Treatment plans are very complicated. They are flow charts with many different options and variables considered. They are geared towards getting patients with similar diagnosis all the same treatment plans. I doubt there are stats available about how many patients drop out of rads. Im sure its a very low number of patients who dont complete their treatment plans. Actually, I was one who wanted to quit My son and nurses wouldnt hear of it. Rads isnt easy and it gets progressively more difficult as you go thru it. Off the top of my head I know of only 2 patients who stopped rads before the end. Sadly, I think only one of them is still alive.

I know its not easy! But with help you can do this. Almost all members have been thru rads. You have already gone thru so much, please reconsider quitting. I wouldnt want to see everything you have already done be for nothing. We are here to help you as much as possible.

The best thing you can do to help make this as easy as possible is to focus on your intake and pain management. If you can take in at least 2500-3000 calories and 48-64 oz of water every single day then you should feel a little better than if you are skimping on your intake. The key to this whole thing is how well you do with your intake.

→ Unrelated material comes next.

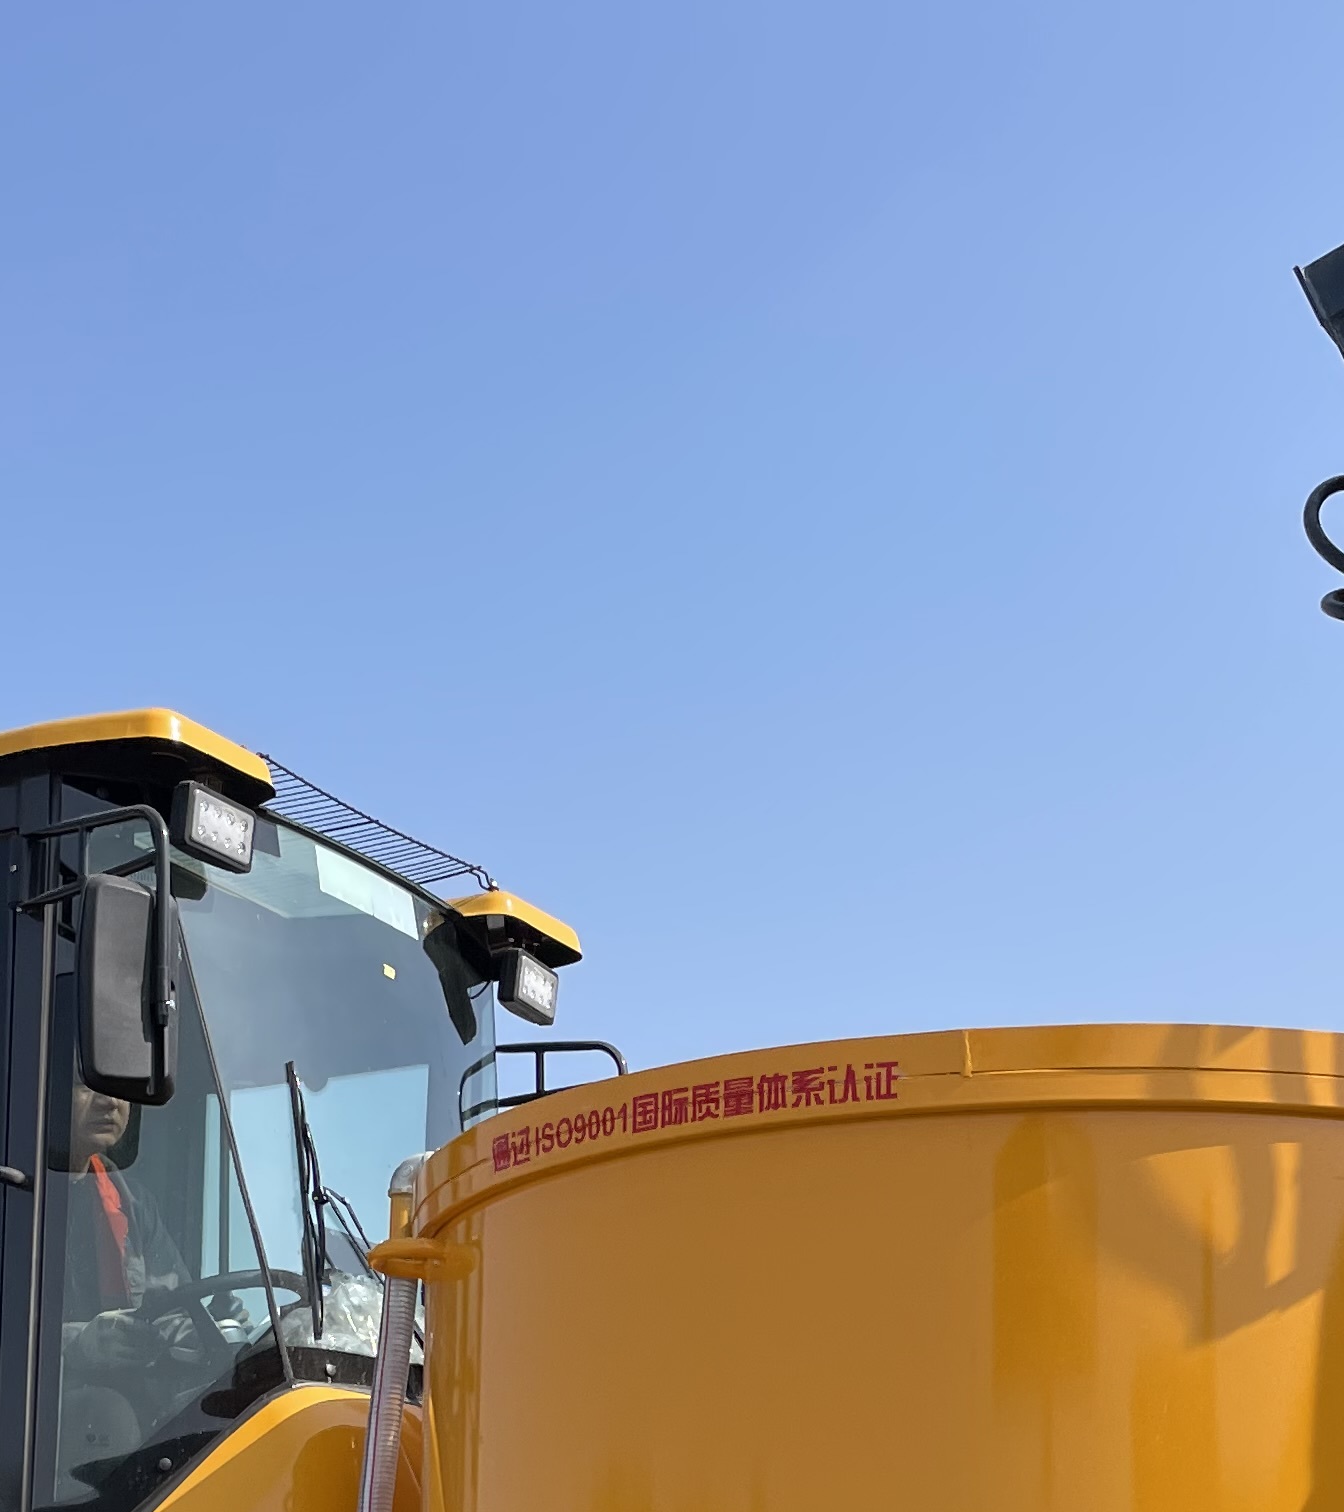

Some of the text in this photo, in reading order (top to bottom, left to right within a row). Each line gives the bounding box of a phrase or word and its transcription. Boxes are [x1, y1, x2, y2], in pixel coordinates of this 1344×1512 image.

[492, 1061, 900, 1174] 通过ISO9001国际质量体系认证
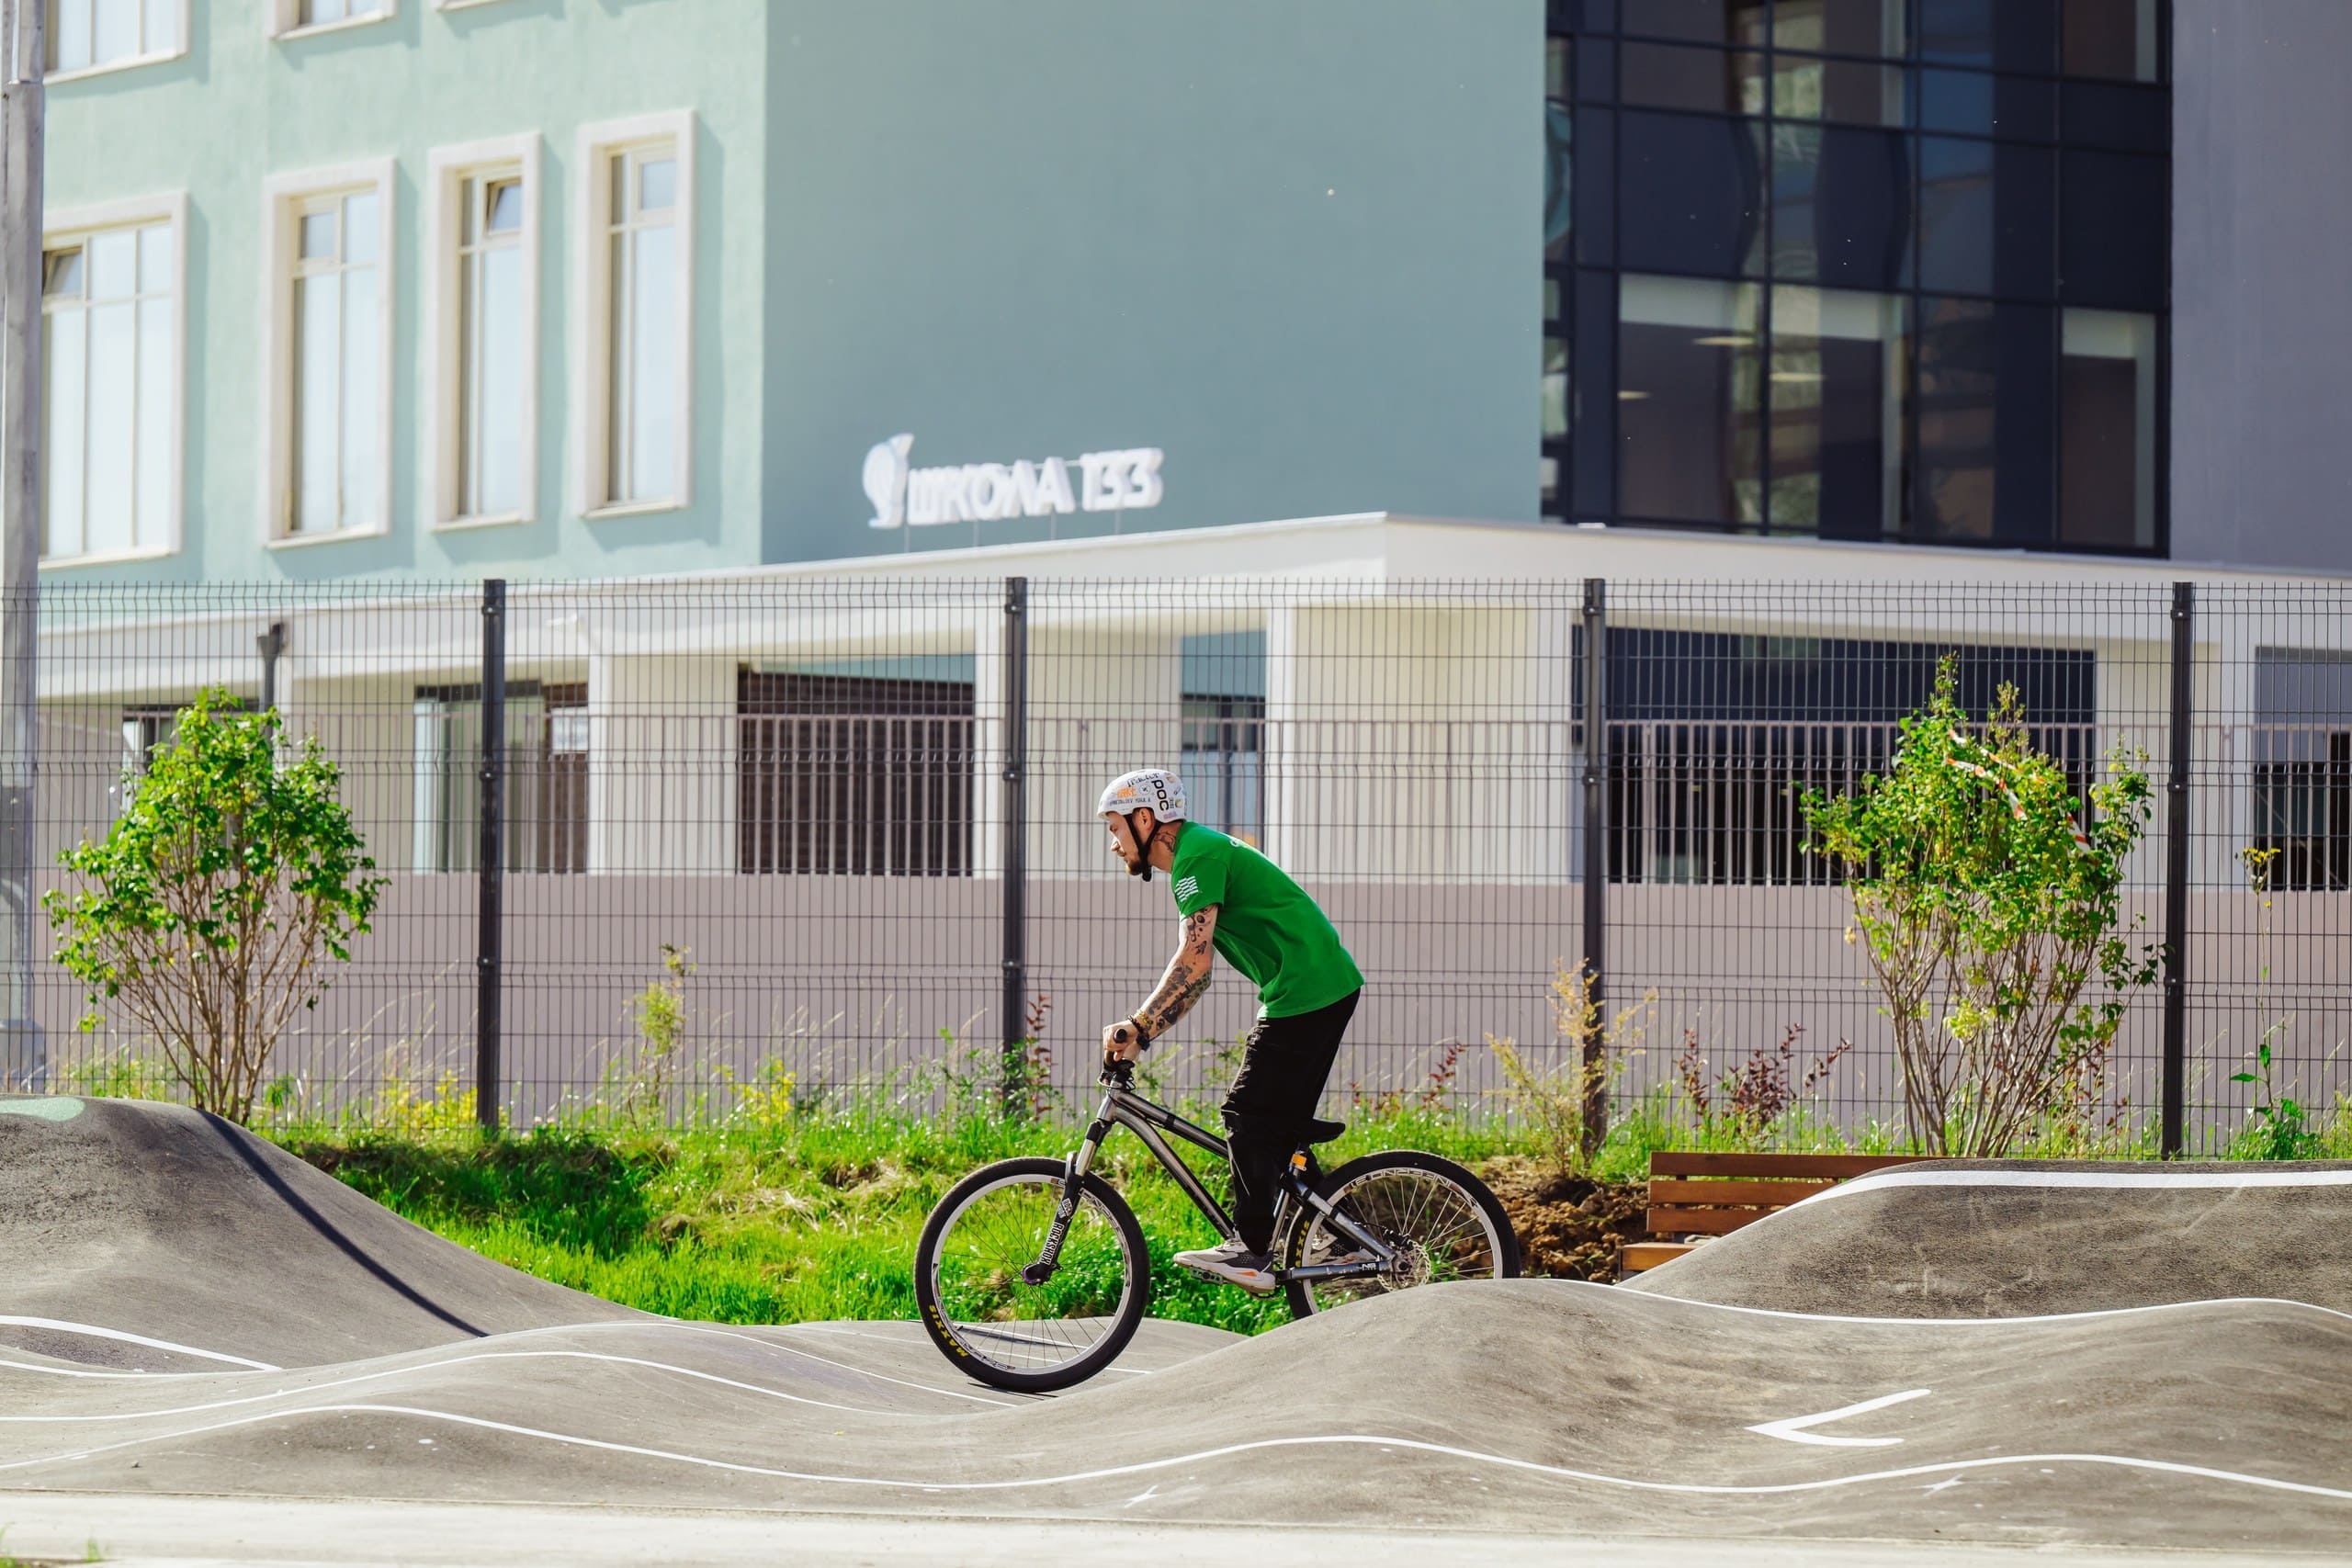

I will post a great milkshake that will help make it much easier to hit your daily caloric intake minimums. Its probably easier to drink your calories. If necessary there is always a nasal feeding tube option. This will help to bypass your sore throat. Just no matter how sore your throat gets, please keep swallowing every single day even if its only tiny sips of water. Your swallowing muscles need to be kept working so they dont forget how to function.

There is always magic mouthwash to swish and spit before you try to eat. Ask your doc for a prescription. You can also ask for an open prescription to get extra hydration several times a week. After a couple bags of fluids you will feel so much better. This will help making hitting your minimums of water easier too.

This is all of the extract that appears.